Reproduce every record below exactly, with the pictures left out.

*** Block opens ***

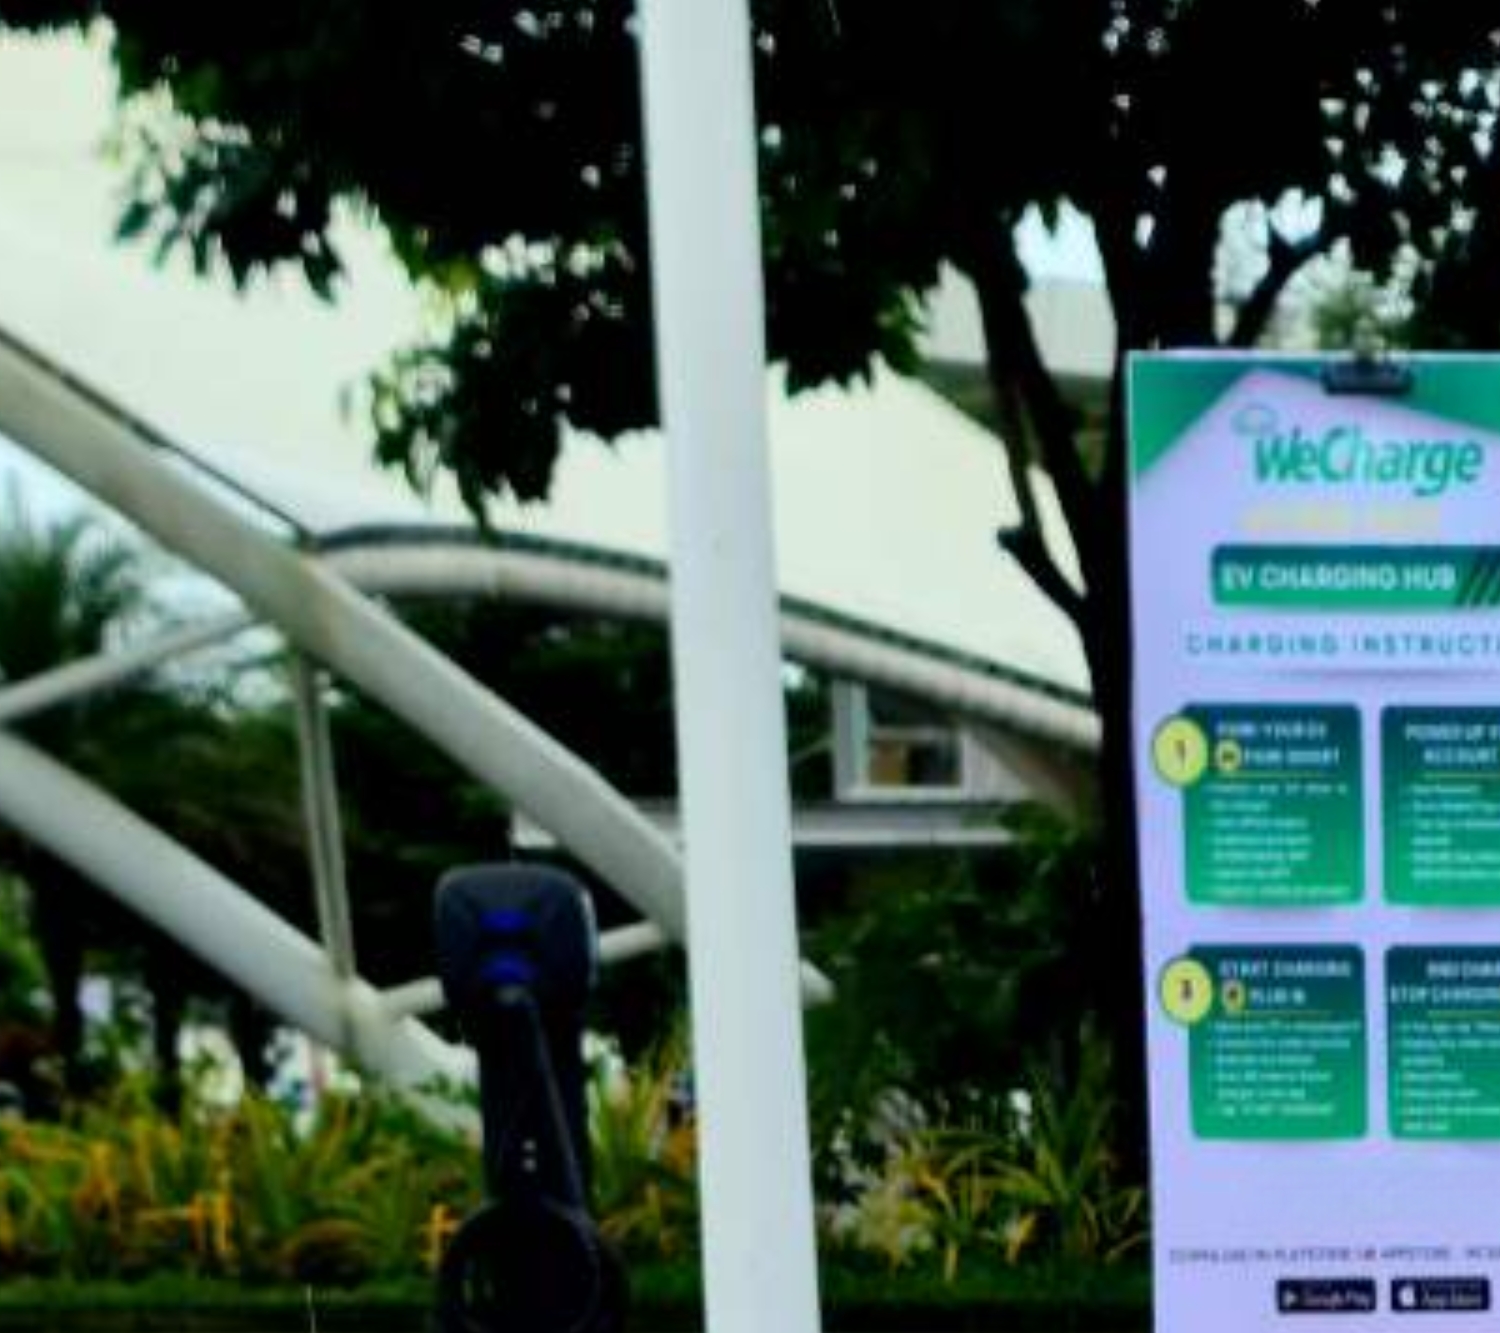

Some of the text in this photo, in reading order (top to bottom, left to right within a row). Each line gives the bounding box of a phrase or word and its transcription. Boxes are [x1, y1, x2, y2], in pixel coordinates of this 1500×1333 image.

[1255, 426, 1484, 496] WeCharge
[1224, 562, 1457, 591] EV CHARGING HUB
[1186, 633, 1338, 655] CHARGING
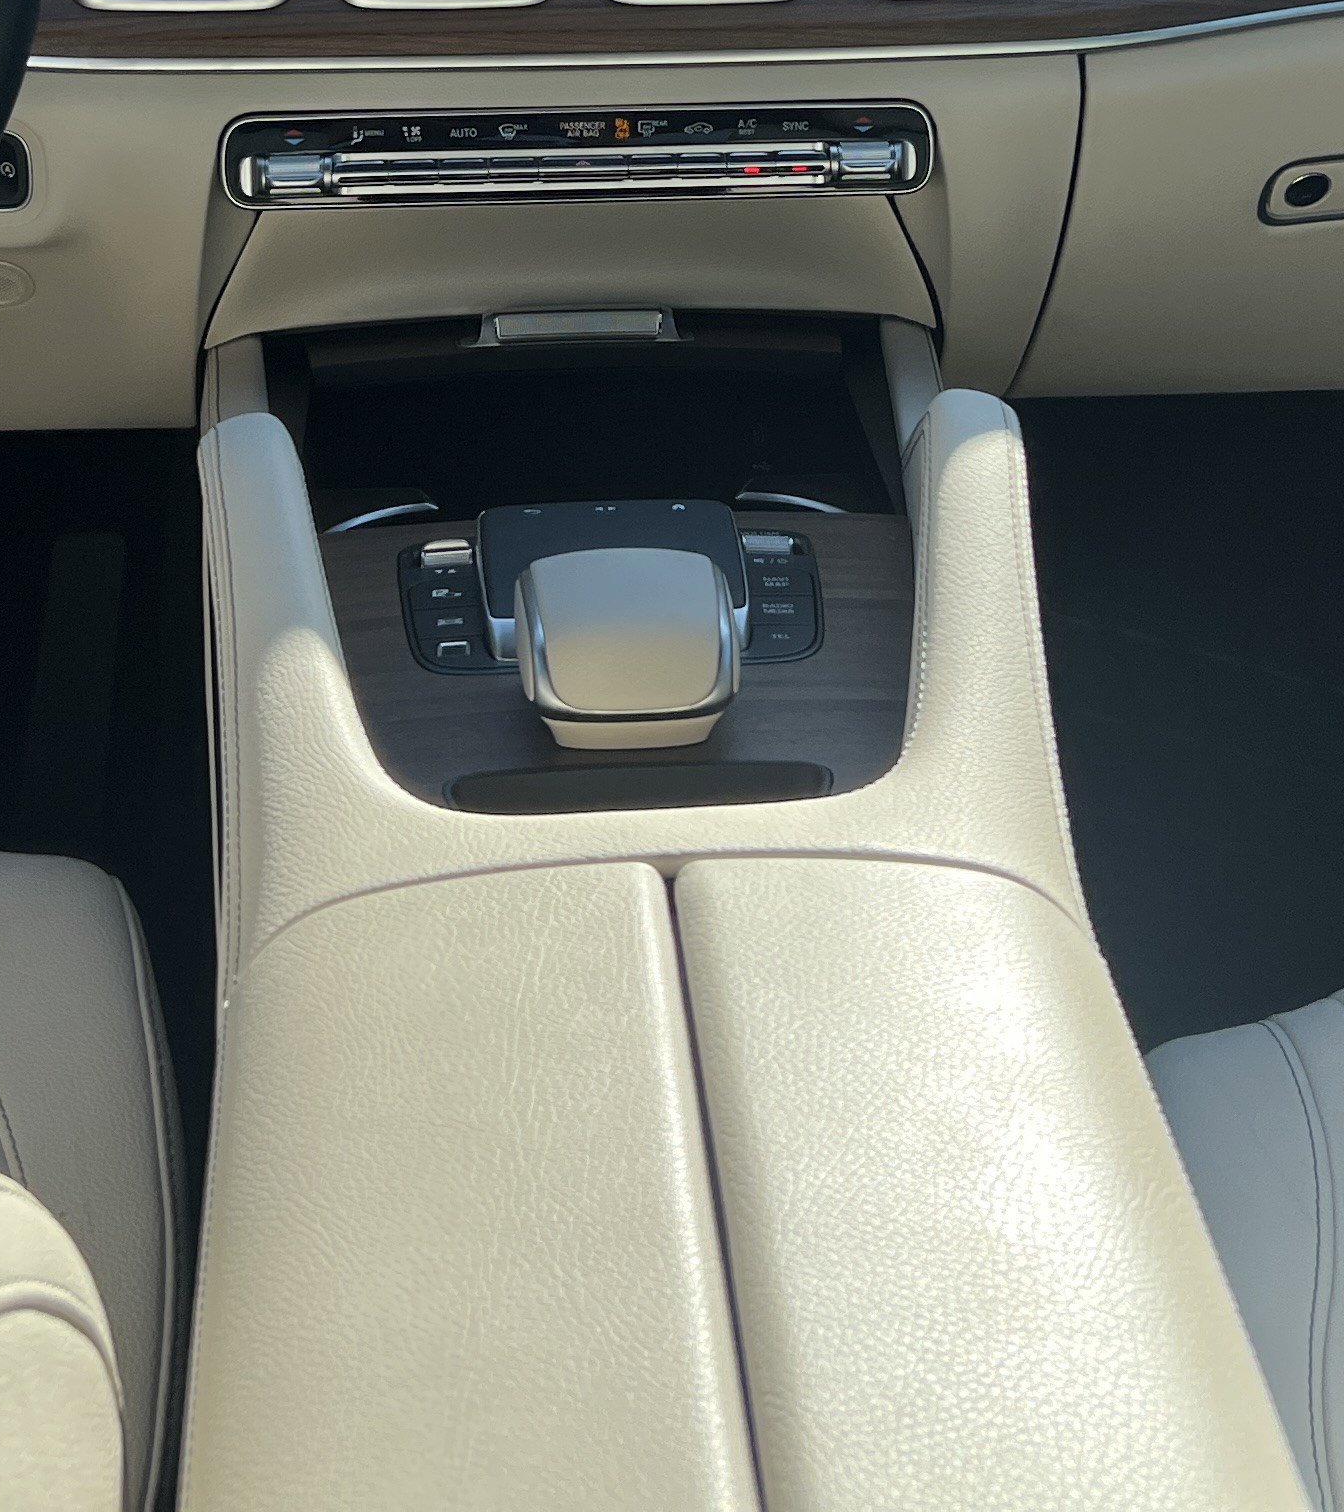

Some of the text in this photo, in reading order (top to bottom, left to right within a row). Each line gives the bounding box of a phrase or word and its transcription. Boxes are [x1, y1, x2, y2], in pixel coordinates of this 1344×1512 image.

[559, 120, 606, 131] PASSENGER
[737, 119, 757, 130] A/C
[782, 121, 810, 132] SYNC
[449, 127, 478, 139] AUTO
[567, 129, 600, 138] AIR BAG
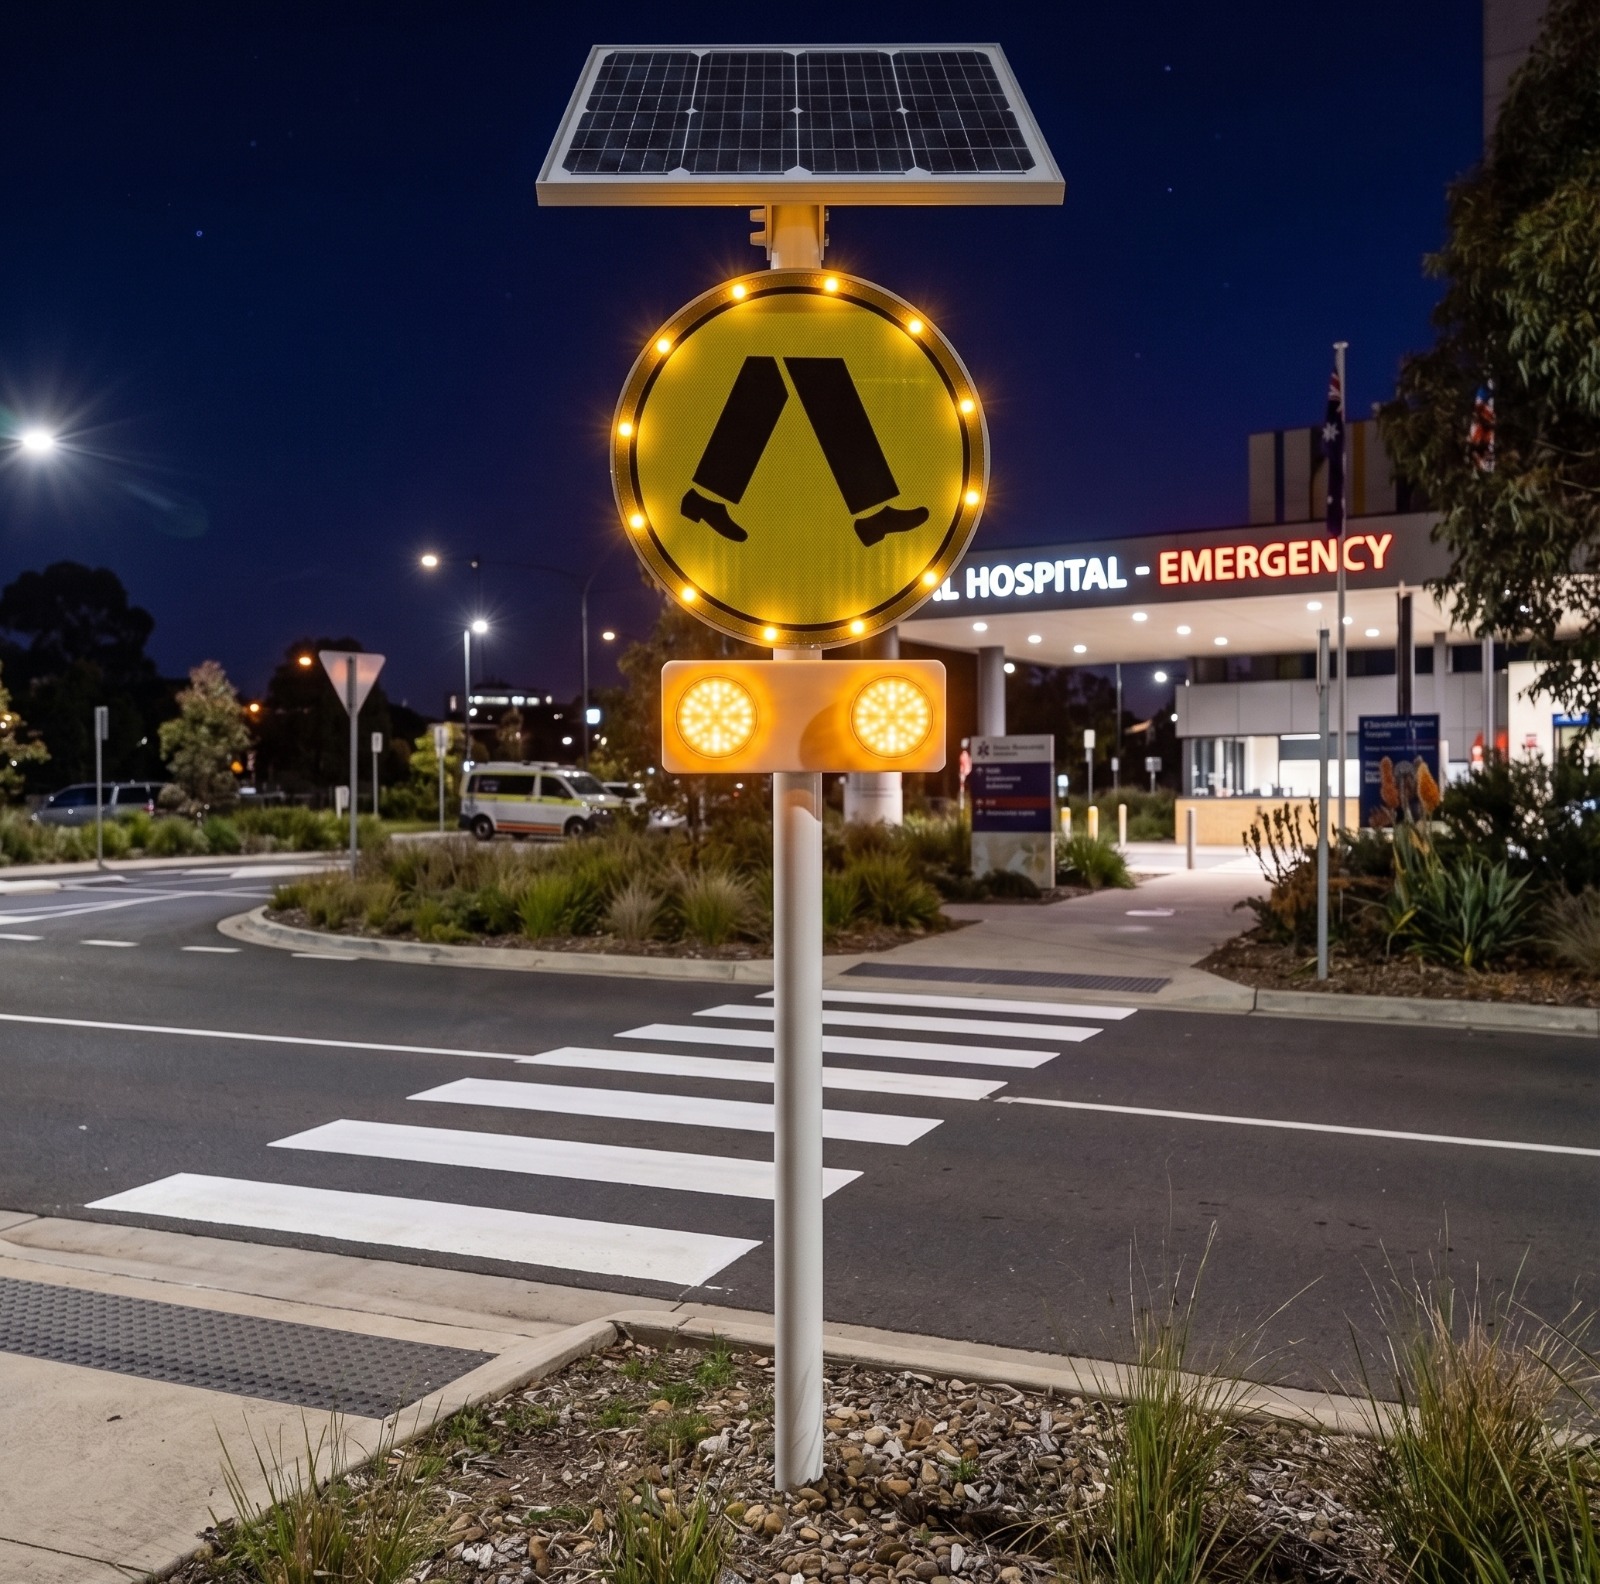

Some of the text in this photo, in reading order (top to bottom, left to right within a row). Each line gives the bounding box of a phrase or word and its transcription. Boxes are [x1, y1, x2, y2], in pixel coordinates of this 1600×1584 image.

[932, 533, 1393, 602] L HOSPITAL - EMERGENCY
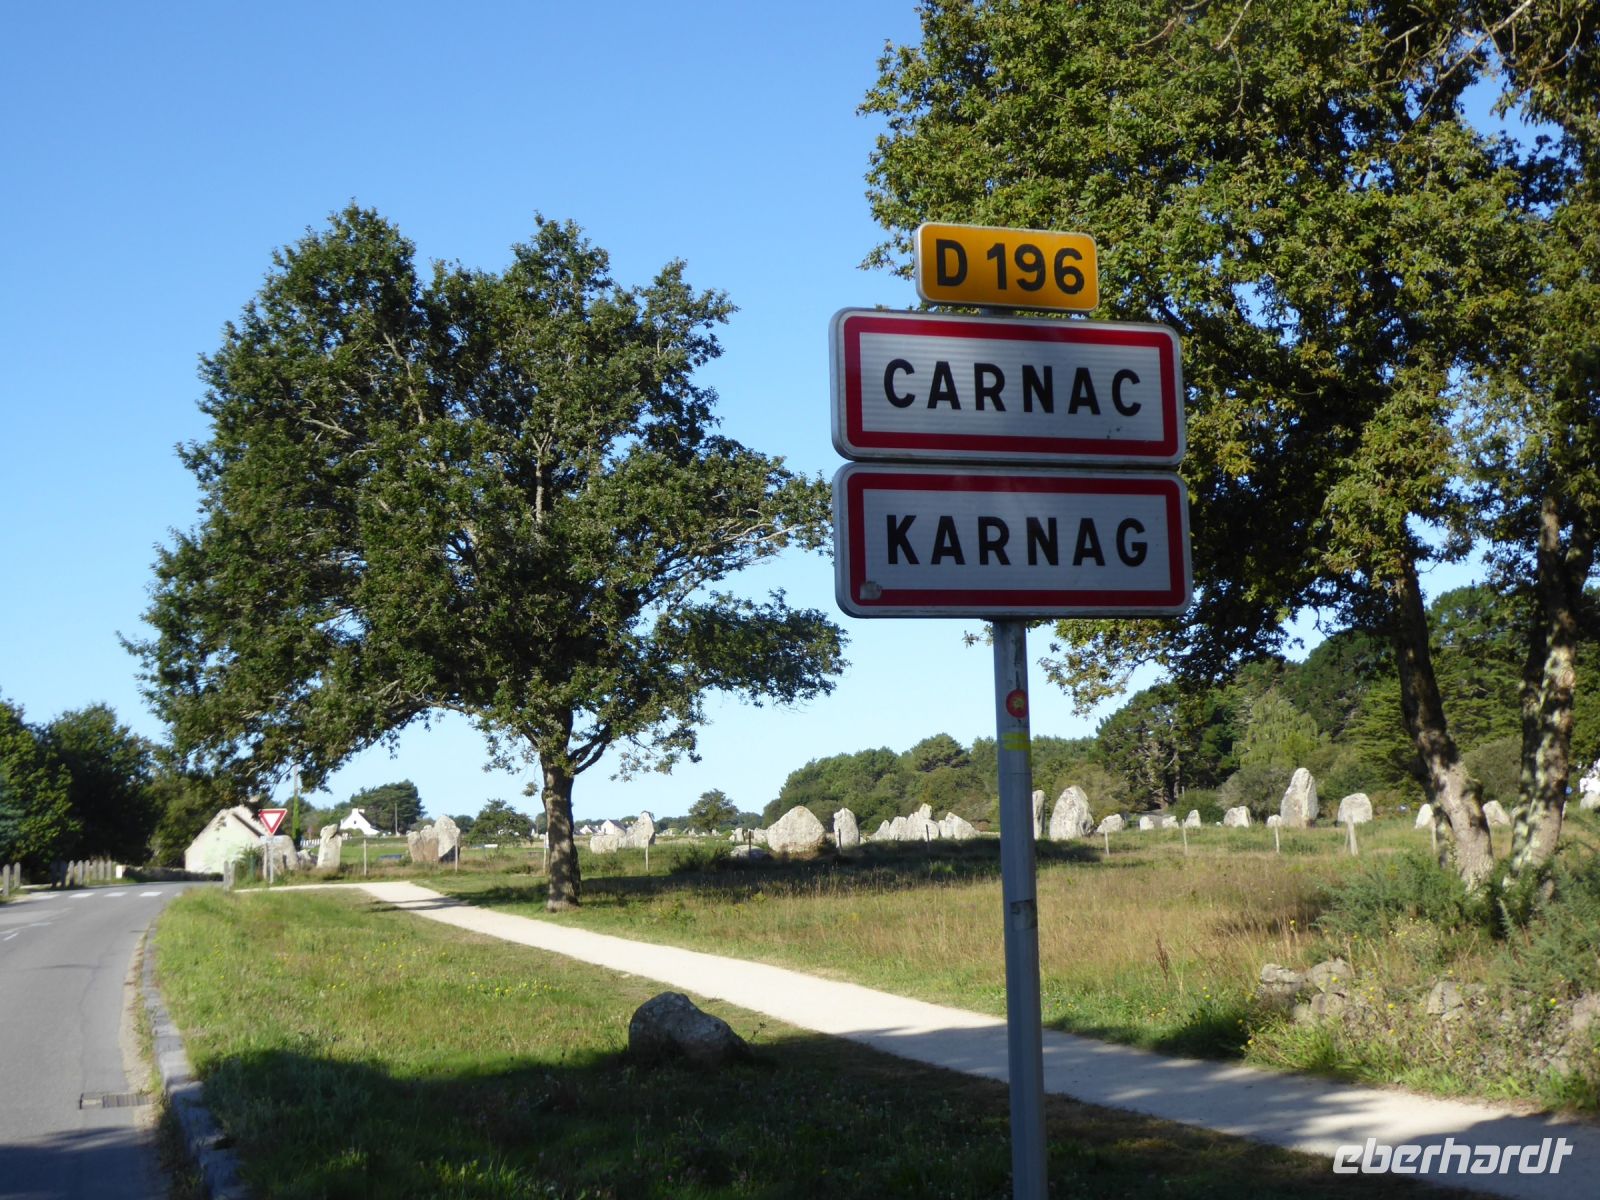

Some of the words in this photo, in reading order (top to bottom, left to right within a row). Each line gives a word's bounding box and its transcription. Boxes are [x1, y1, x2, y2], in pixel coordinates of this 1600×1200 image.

*** Block closes ***

» **Response to the exercise**:
Some of the text in this photo, in reading order (top to bottom, left to right within a row). Each line gives the bounding box of a phrase or word and its transcription. Boxes are [x1, y1, x2, y2], in pixel coordinates of this 1500×1333 image.

[1255, 426, 1484, 496] WeCharge
[1224, 562, 1457, 591] EV CHARGING HUB
[1186, 633, 1338, 655] CHARGING

Some of the text in this photo, in reading order (top to bottom, left to right within a row). Each line gives the bounding box of a phrase or word and its transcription. Boxes are [x1, y1, x2, y2], in pixel coordinates of this 1344×1512 image.

[559, 120, 606, 131] PASSENGER
[737, 119, 757, 130] A/C
[782, 121, 810, 132] SYNC
[449, 127, 478, 139] AUTO
[567, 129, 600, 138] AIR BAG

Some of the text in this photo, in reading order (top to bottom, left to right within a row). Each line gives the bounding box of a phrase or word and its transcription. Boxes are [x1, y1, x2, y2], in pixel coordinates of this 1600×1584 image.

[932, 533, 1393, 602] L HOSPITAL - EMERGENCY

Some of the words in this photo, in reading order (top to bottom, left to right within a row). Each line gives a word's bounding box and its transcription. Boxes are [x1, y1, x2, y2], in pixel coordinates of this 1600×1200 image.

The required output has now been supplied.